I wouldn’t dress as an old-time coal miner for Halloween. Even a blackened face that isn’t blackface carries too much baggage. Nor would I play on other people’s suffering as a refugee, terrorist, prisoner, or Nazi; or an ethnic or marginalized group not my own; or what I know someone else to hold as sacred. Most Halloween costumes of my childhood were homemade and represented not individuals but generics: witch, pirate, cowboy, Indian, princess, Gypsy, lion, ghost. In later years I learned that “Indian” wasn’t so cool—they are real people, still among us—and even later that the same held for “Gypsies,” or Roma. We rarely dressed as hayseed hillbillies in my Appalachian childhood, and that caricature still irks me.

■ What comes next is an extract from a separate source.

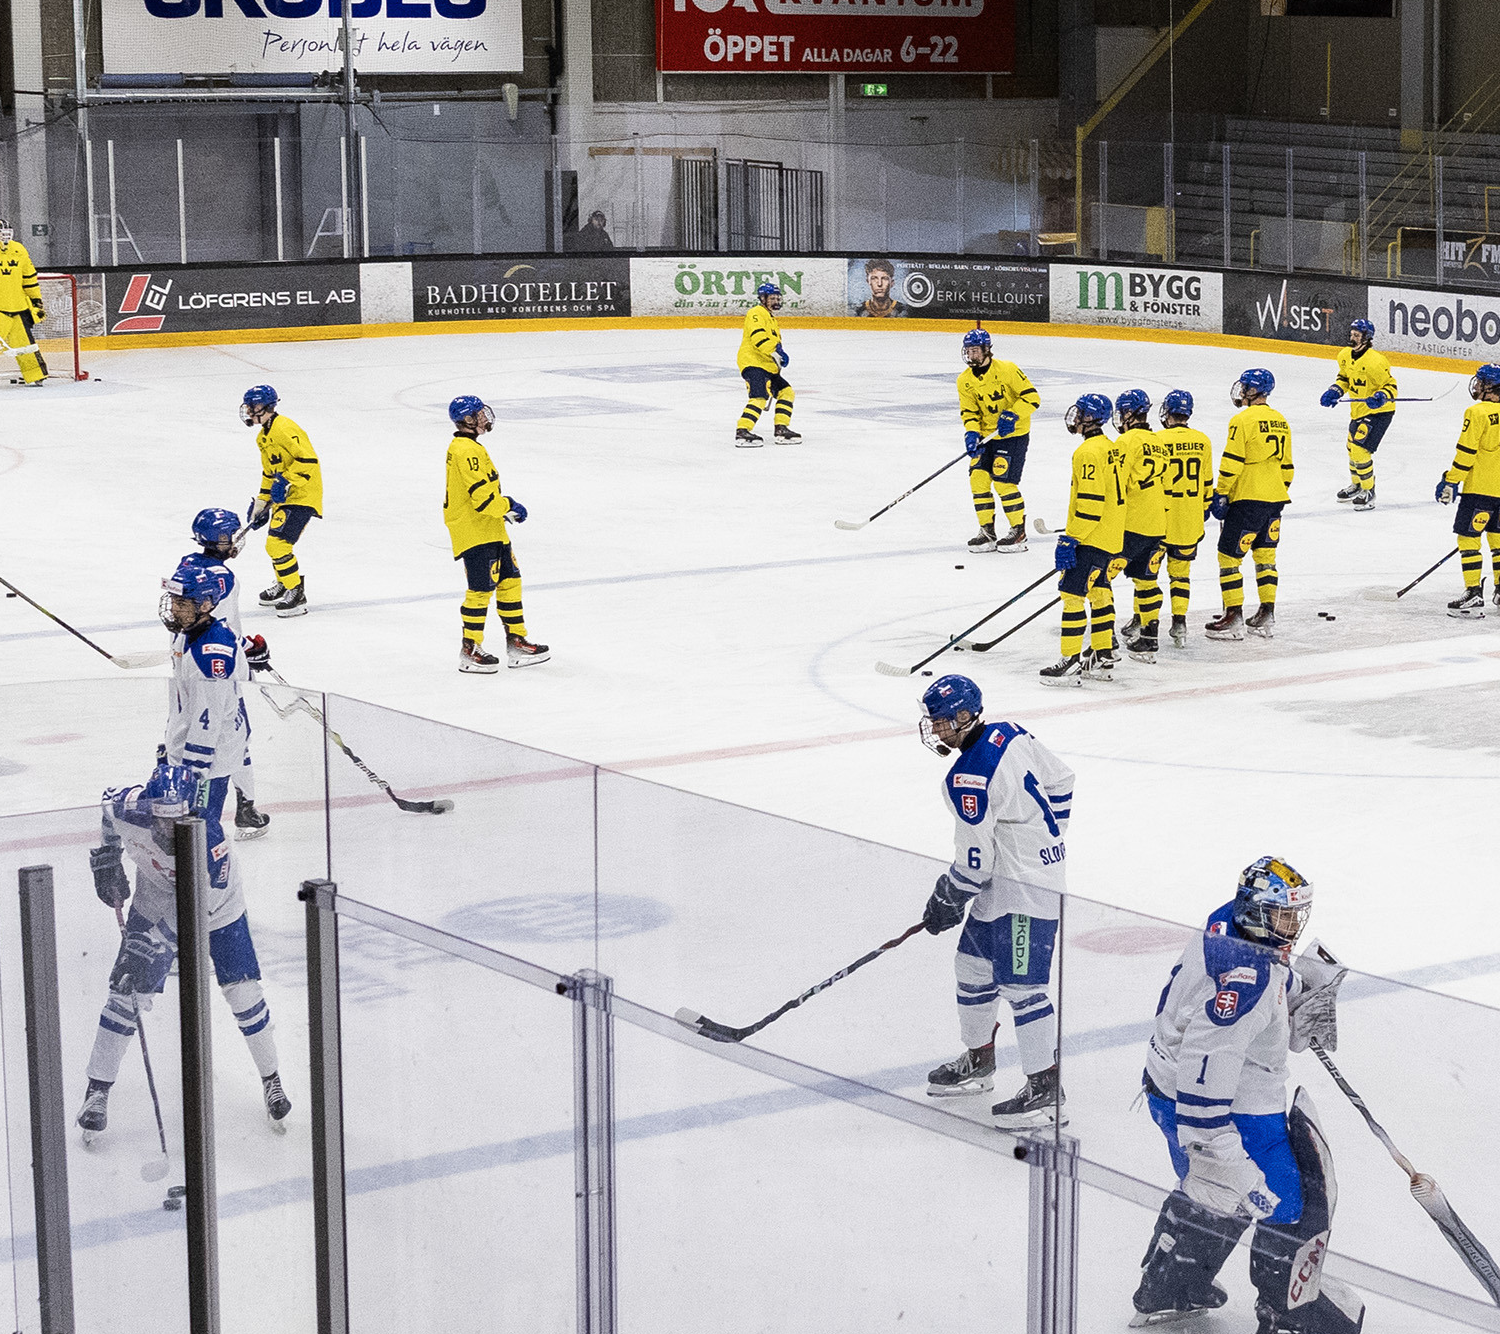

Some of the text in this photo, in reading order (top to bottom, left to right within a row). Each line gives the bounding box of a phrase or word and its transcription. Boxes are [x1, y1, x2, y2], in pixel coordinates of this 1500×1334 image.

Writers and readers play at being someone else all the time. Our scope may be wider than Halloween costumes, but the ground rules still apply. Avoid stereotypes, show respect for other people’s trauma, and take great care in portraying a culture not one’s own. Within these boundaries, reading about people of many sorts and backgrounds can not only show but even increase true empathy. Image: Children in Halloween costumes at High Point, Seattle, 1943, Seattle Post-Intelligencer staff photographer
2 Comments
Judy Childs Butler
11/1/2021 11:19:29 am
Sarah, your blog posts are always beautifully written and thought-provoking, and often evocative. This one - in addition to the serious theme - brought back memories of our Halloweens of yore. I think we were the only family that handed out apples instead of candy. Most of the time, the apples were received with quiet murmurs of thanks, but now and then, one of the children would exclaim, "Oh boy! An apple!!"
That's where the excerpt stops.